Inside Snowflake — Optimizing the Query Optimizer: Redundant Semi-Joins and Anti-Joins

Shruti Sekaran is one of the amazing interns I met at Snowflake during the summer of 2022. I was immediately impressed by her goal: Improving the performance of some specific SQL patterns in Snowflake by “eliminating redundant semi-joins and anti-joins from queries”. Check this post for some SQL optimization tricks, and why you might not need them.

Felipe Hoffa
Snowflake
Published in
7 min readAug 23, 2022

--

Shruti and Felipe discussing query optimization at the Snowflake office

SQL quiz: Optimize this

Before we go deeper, check the following query. It scans 6 billion rows, while performing two semi-joins with sub-queries that go over 1.4 billion rows each. How would you optimize it?

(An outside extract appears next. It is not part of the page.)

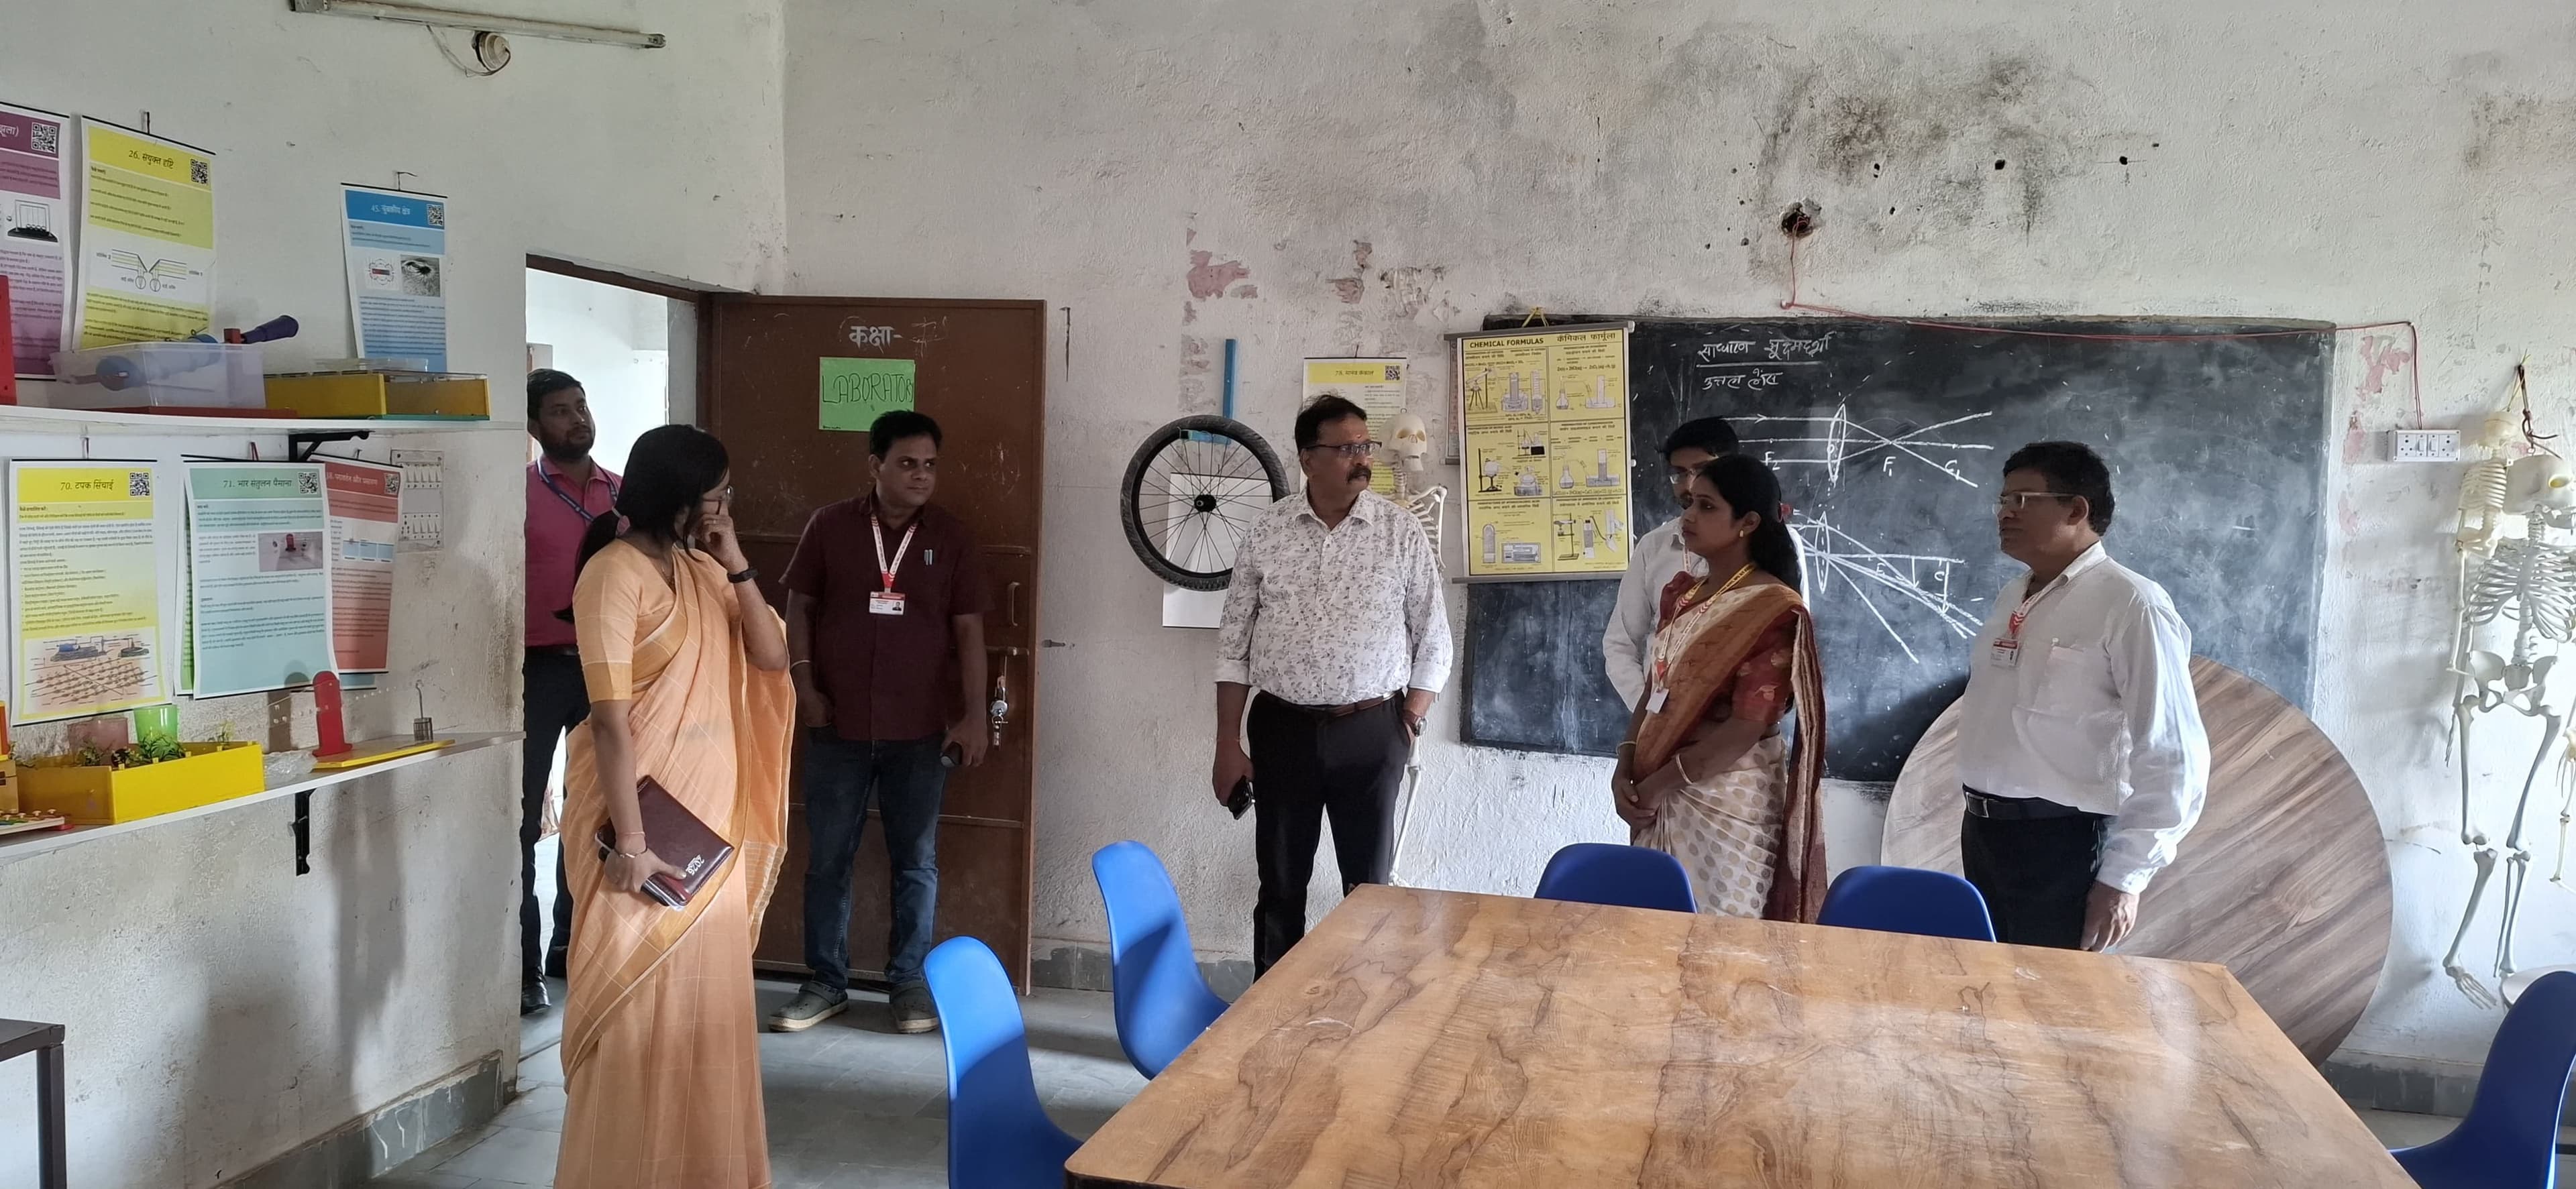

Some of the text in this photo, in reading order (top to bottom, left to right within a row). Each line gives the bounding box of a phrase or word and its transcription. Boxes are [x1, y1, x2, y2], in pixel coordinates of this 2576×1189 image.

select sum(l_discount), current_time()
from snowflake_sample_data.tpch_sf1000.lineitem
-- 6b rows
where l_quantity in (
select cr_return_quantity
from snowflake_sample_data.tpcds_sf10tcl.catalog_returns
-- 1.4b rows
where cr_return_quantity between 4 and 10
group by 1
)
and l_quantity in (
select cr_return_quantity
from snowflake_sample_data.tpcds_sf10tcl.catalog_returns
-- 1.4b rows
where cr_return_quantity between 2 and 100
group by 1
)

We’ll come back to this query later, but first let me introduce you to Shruti Sekaran — as her goal was to change the answer to this question, throughout her internship at Snowflake, Summer of 2022:

Shruti: Optimizing the Snowflake optimizer

Hi Shruti, before we talk about SQL details — How did you get this internship? What are you studying?

I’m a grad student studying Computer Science at Arizona State University. A friend from undergrad works here as a software engineer. He loves it here and suggested that I apply, giving me a referral. Having been really interested in distributed systems and database internals, this seemed to be the perfect start. So, I jumped at this opportunity, and as they say, the rest is history!

Let’s talk about SQL optimization — what was the goal of your internship?

I have been working in the SQL team, particularly its core Optimizer. My project was to perform optimizations in the query plans that would eliminate redundant Semi-Joins and Anti-Joins from queries, thereby improving execution time and performance for such queries. For this elimination, I worked on analyzing subsumption of general filters, join filters and group by aggregates.

Can you show me some example queries?

Sure, a straightforward case would be something like:

select * 
from t1
where a in (
select *
from t2
where b < 5
and t1.a > 5
)
and a in (
select *
from t2
where b < 3
and t1.a > 3
)

Here, the first subquery with filters b<5 and t1.a>5 is redundant, as b<5 subsumes b<3 and similarly t1.a>5 subsumes t1.a>3. So after my optimization, the query executed is effectively:

select * 
from t1
where a in (
select *
from t2
where b < 3
and t1.a > 3
)

Seems pretty simple, right? But the optimizations can get tricky cases like:

with cte as (
select *
from t2
where b < 100
)
select count(*)
from t1
where a in (
select b
from cte
where b < 5
)
and a in (
select b
from cte
where b < 50
)
and b not in (
select b
from cte
where b < 30
)

where a in (select b from cte where b < 50) is eliminated.

Then in:

select count(*) 
from t2
where a not in (
select min(a)
from t1
group by b
)
and a not in (
select min(a)
from t1
group by b, c
)

where a not in (select min(a) from t1 group by b) is eliminated.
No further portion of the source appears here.